Figure 2 shows the atmospheric vertical profiles over the earthquake epicenter on 14 August 2021 at 12:30 UT. Specifically, from left to right, the co-seismic profiles of temperature (a), background temperature (b), temperature deviation (c), square of the Brunt–Väisälä frequency (d), and potential energy (e) are reported. As is visible from panel (a), at around 17 km, the temperature reached its absolute minimum. Concurrently, EP (e) reached its absolute maximum (green dotted line), as expected in correspondence with the tropopause [39]. At the stratopause (~40 km), the potential energy (Figure 2e) showed an additional enhancement (green dotted line) when the temperature changed rapidly with altitude (Figure 2a). In addition, several fluctuations between 10 km and 50 km occurred in the temperature deviation (Figure 2c). Specifically, five wave crests were visible (panel c, red dotted lines) at 11.0 km, 13.8 km, 23.7 km, 36.3 km, and 49.0 km (red dotted lines), suggesting the presence of two sinusoidal periods, whose corresponding vertical wavelengths were about 3 and 9 km, respectively. The EP (panel e) showed several enhancements in concomitance with fluctuations in the temperature deviation (red dotted lines). However, only two maxima in EP matched the smaller wavelength (first two red dotted lines at the bottom of Figure 2e), which suggests that there was only one AGW of about a 3 km wavelength propagating in the atmosphere.
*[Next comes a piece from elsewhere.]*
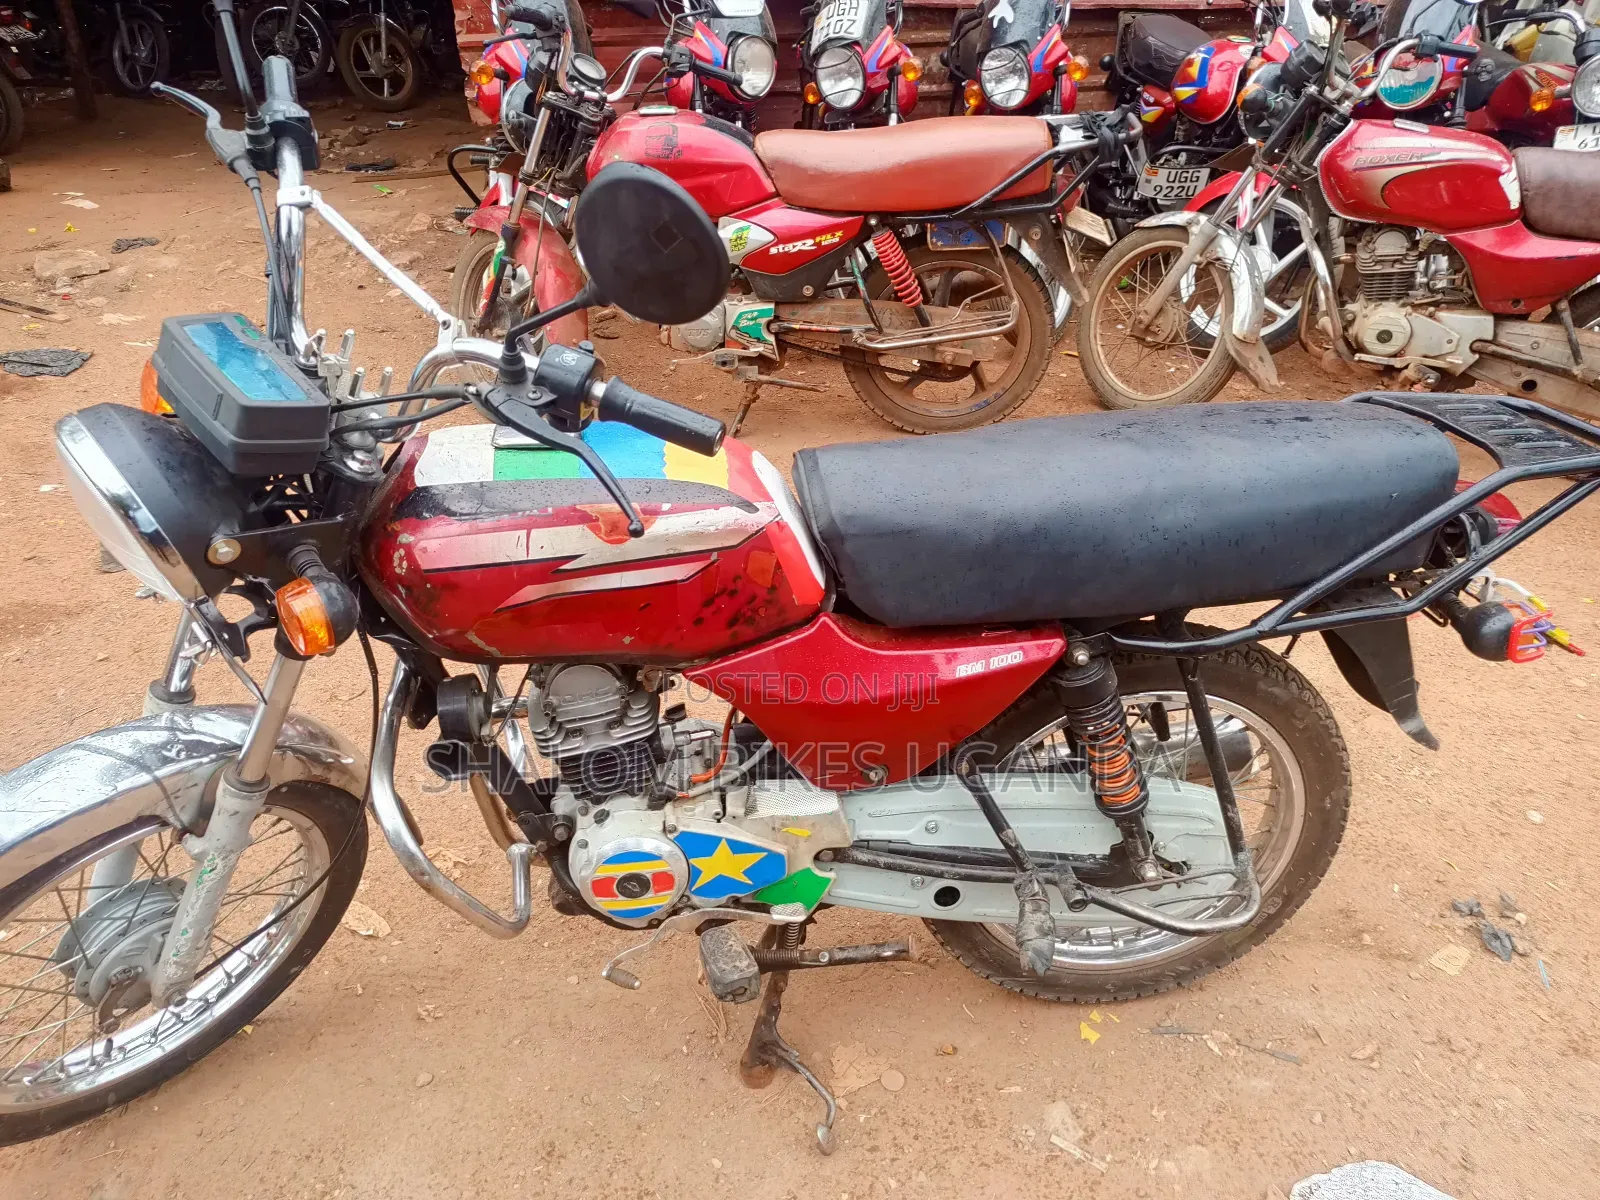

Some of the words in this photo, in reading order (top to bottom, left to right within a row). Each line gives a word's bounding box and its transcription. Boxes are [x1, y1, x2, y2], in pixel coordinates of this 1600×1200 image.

Figure 3 shows the horizontal distribution of EP on 13 August and 14 August, respectively, at 12:30 UT, at a fixed altitude of 24 km, which corresponds to the maximum potential energy values between the tropopause (~18 km) and the stratopause (~40 km) recorded at 12:30 UT on 14 August 2021 (Figure 2e). On 13 August, a relatively calm state occurred around the epicenter (panel a), while on 14 August, a strong increase in EP (panel b) was clearly visible over the epicenter (black circle) with respect to the previous day, suggesting a wave activity around the epicenter in concomitance with the earthquake.
Figure 4 shows the maps corresponding to vTEC fluctuations recorded every 5 min between 12:35 UT and 13:20 UT on 14 August 2021. Clear plasma wave activity was visible here, since over the epicenter (black dot), a regular alternation between negative (blue) and positive (red) vTEC fluctuations occurred every 5 min starting at the moment of the earthquake, lasting for about 50 min. Such fluctuations have a characteristic mean period between 7 and 12 min, hence in agreement with the typical properties of the AGWs/TIDs [36].
Figure 5 shows the time-dependent analysis of the FLR eigenfrequency in a time window including EQ onset (red dashed line), where the color scale represents the phase difference between the selected geomagnetic observatories. As expected at such latitudes, the FLR eigenfrequency was ~80 mHz [40,41]. A clear decrease in the FLR eigenfrequency appeared in concomitance with the earthquake occurrence (red dashed line). The cross-phase spectrogram showed a variation of 7 ± 2 mHz, whose time duration was 32 ± 6 min.

4. Discussion

Observations described in the previous section show that, in concomitance with the earthquake occurrence, an AGW was injected into the atmosphere. In fact, as from Figure 2, an AGW of about 3 km wavelength propagated across the atmosphere. A further confirmation of wave activity occurring at the same time as the EQ comes from Figure 3. In fact, a strong increase in EP over the epicenter (black circle) occurred on 14 August (panel b) compared to the relatively calm state recorded on 13 August (panel a) in the same area and at the same altitude.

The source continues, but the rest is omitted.